_DIRECTIONS FOR THIS TASK_. Make an exact copy of the entries below with the pictures removed.

_SUPPLIED ENTRIES_.
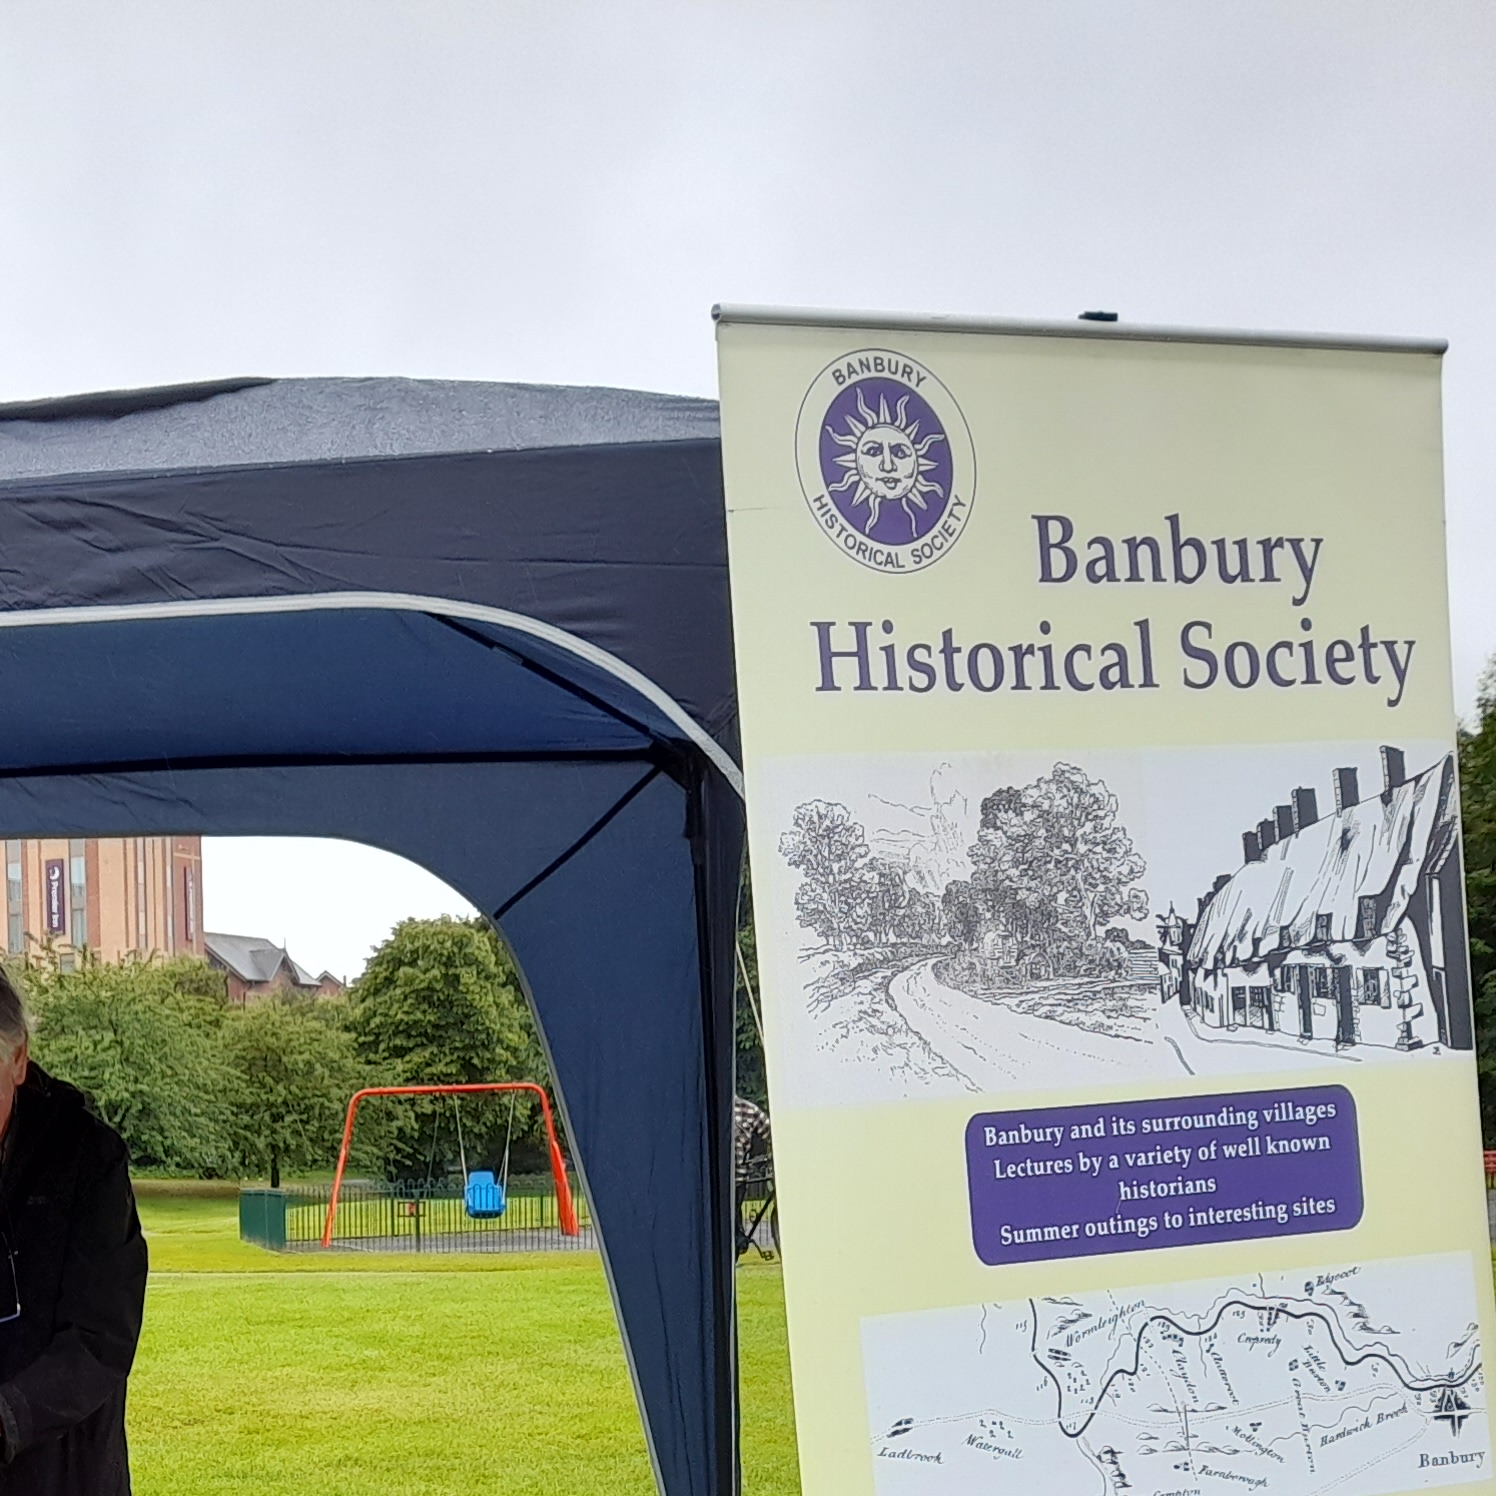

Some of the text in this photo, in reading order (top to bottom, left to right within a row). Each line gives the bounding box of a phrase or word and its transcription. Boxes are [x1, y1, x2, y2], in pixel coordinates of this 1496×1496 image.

[832, 356, 927, 388] BANBURY
[813, 494, 967, 569] HISTORICAL SOCIETY
[1031, 513, 1324, 607] Banbury
[810, 618, 1417, 707] Historical Society
[984, 1102, 1337, 1147] Banbury and its surrounding villages
[994, 1134, 1330, 1179] Lectures by a variety of well known
[1119, 1176, 1217, 1200] historians
[1000, 1196, 1336, 1246] Summer outings to interesting sites
[1417, 1451, 1486, 1469] Banbury

_EXERCISE OUTPUT_.
Some of the text in this photo, in reading order (top to bottom, left to right within a row). Each line gives the bounding box of a phrase or word and its transcription. Boxes are [x1, y1, x2, y2], in pixel coordinates of this 1496×1496 image.

[832, 356, 927, 388] BANBURY
[813, 494, 967, 569] HISTORICAL SOCIETY
[1031, 513, 1324, 607] Banbury
[810, 618, 1417, 707] Historical Society
[984, 1102, 1337, 1147] Banbury and its surrounding villages
[994, 1134, 1330, 1179] Lectures by a variety of well known
[1119, 1176, 1217, 1200] historians
[1000, 1196, 1336, 1246] Summer outings to interesting sites
[1417, 1451, 1486, 1469] Banbury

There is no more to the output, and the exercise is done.